Consequências da escravidão
Refletir sobre o racismo no Brasil é situar-se dentro da grande e eloquente trajetória da escravidão no Brasil, que fomentou uma narrativa histórica pautada na subordinação econômica do negro brasileiro. A escravidão no Brasil foi majoritariamente negra, ainda que os indígenas tivessem sido utilizados na mão-de-obra escrava, foi o negro o grande destinatário do trabalho compulsório[1].
Disso resultaram consequências que vislumbramos até os dias atuais. Em grande parte, consequências geradas no mais alto desrespeito na condição humana desses sujeitos, “de modo que uma pessoa ou um grupo de pessoas podem sofrer um dano real, uma distorção real, se as pessoas ou a sociedade que os rodeiam lhes devolvem como reflexo uma imagem restritiva, degradante ou depreciável de si mesmos”[2].
Direitos Humanos
Os direitos humanos como movimento contramajoritário e da busca da proteção e emancipação de todos os seres humanos dos grilhões da opressão e de toda ideologia desumanizante é tarefa ingrata e desgastante. A primeira dificuldade enfrentada diz respeito àqueles setores que são reconhecidamente necessários para o avanço da democracia, mas que, preocupados com a alta da audiência, acabam por transigir com as fontes do racismo no Brasil. Um exemplo conhecido de todos é o comportamento de uma parcela significativa da nossa mídia que explora a violência contra os negros no Brasil de maneira a naturalizar o genocídio da população negra.

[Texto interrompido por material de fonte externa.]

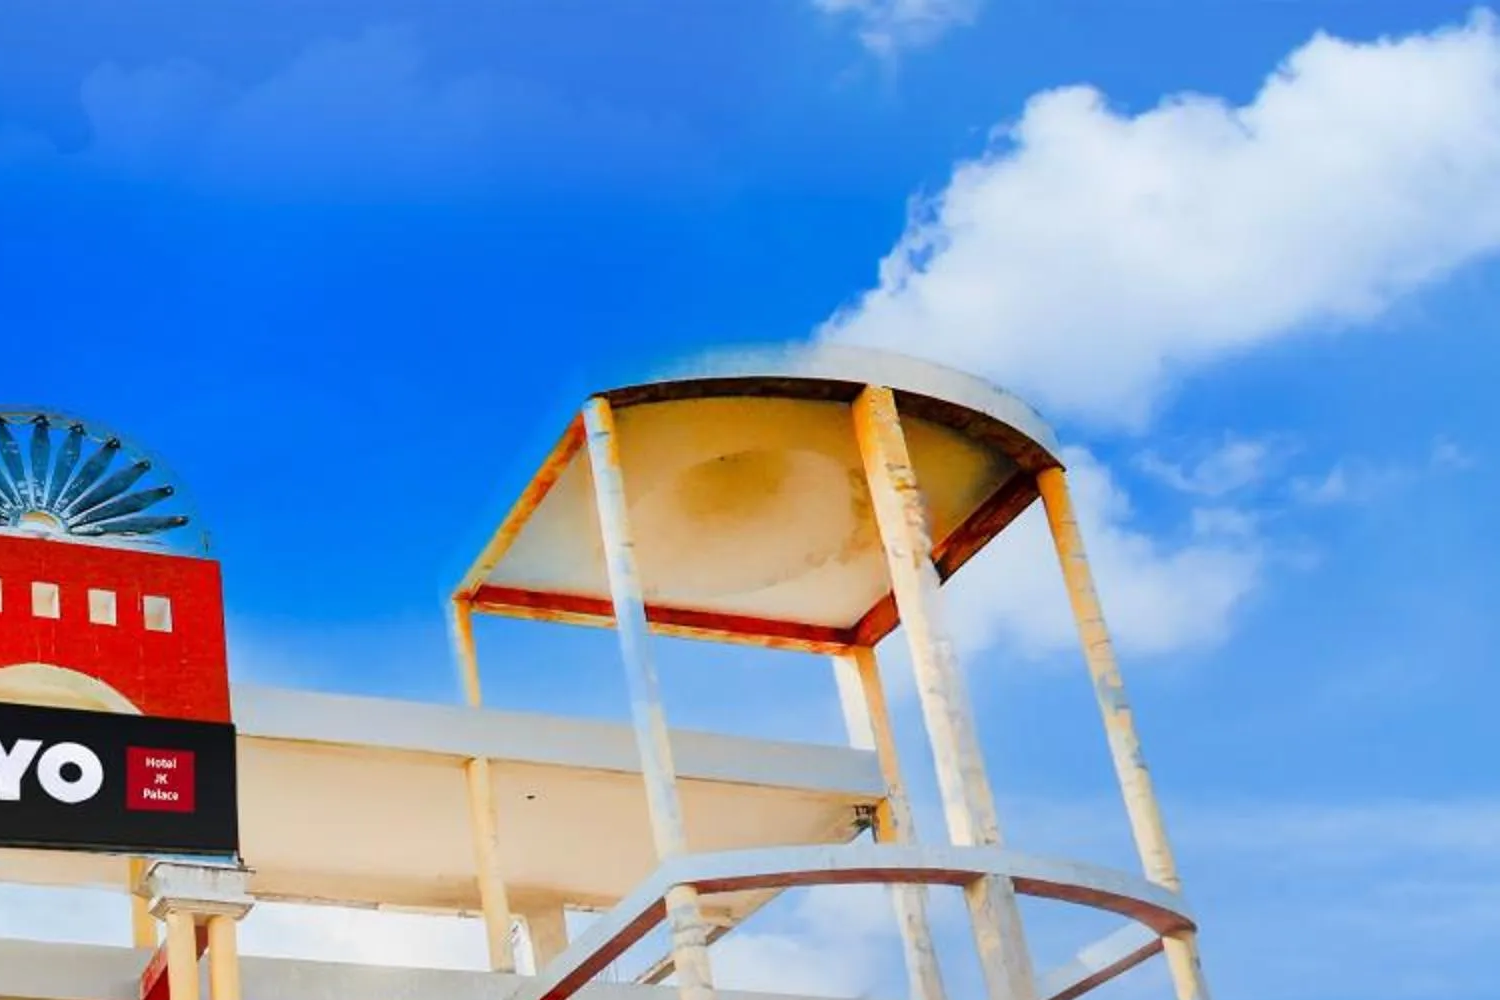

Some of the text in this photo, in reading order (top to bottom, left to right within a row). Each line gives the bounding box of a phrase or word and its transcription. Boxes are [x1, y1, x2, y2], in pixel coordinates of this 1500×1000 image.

[145, 756, 177, 769] Hotel
[154, 773, 169, 785] JK
[143, 787, 179, 801] Palace

Um outro aspecto é a intransigente postura dos governos que se sucedem no Brasil, que invariavelmente aplicam políticas longe ainda da real necessidade da população negra no Brasil.

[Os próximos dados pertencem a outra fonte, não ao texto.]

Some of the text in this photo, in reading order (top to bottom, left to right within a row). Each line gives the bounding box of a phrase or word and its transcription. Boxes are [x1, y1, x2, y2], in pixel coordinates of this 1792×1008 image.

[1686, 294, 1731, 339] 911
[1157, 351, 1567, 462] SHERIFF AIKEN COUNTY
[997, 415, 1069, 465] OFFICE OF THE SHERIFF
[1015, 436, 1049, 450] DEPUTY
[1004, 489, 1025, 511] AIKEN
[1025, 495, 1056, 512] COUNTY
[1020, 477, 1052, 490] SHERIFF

Muitos dos esforços no Brasil para efetivação dos direitos humanos apresentam características assimétricas, ao estabelecerem prioridades alienígenas à nossa realidade, ou mesmo equivocadamente quando apresentam a origem das violações dos direitos humanos em um tempo e espaço histórico seletivo.
Por exemplo, a trágica experiência da ditadura civil-militar de 64, ignorando sub-repticiamente os verdadeiros fatores determinantes de desigualdade social e as implicações na cultura da violência no Brasil, que, sabidamente tem na escravidão a instituição que mais moldou nossa realidade social, seja nos costumes, seja na forma como as instituições atuam, especialmente para a vocação para a promoção da desigualdade social.
Isso fica evidente na situação escandalosa das nossas universidades federais até bem pouco tempo atrás (hoje, felizmente, mais da metade das vagas é destinado às escolas públicas), onde a maioria dos beneficiários eram os mais privilegiados do ponto de vista econômico (pagavam os cursinhos mais caros), ganhando do Estado um prêmio para manterem e até aumentarem a desigualdade social, próprio de um liberalismo anacrônico e marcadamente com as ideias fora de lugar.
Para Schwarz:
“ As ideias estão no lugar quando representam abstrações do processo a que se referem, e é uma fatalidade de nossa dependência cultural que estejamos sempre interpretando a nossa realidade com sistemas conceituais criados noutra parte, a partir de outros processos sociais”[3].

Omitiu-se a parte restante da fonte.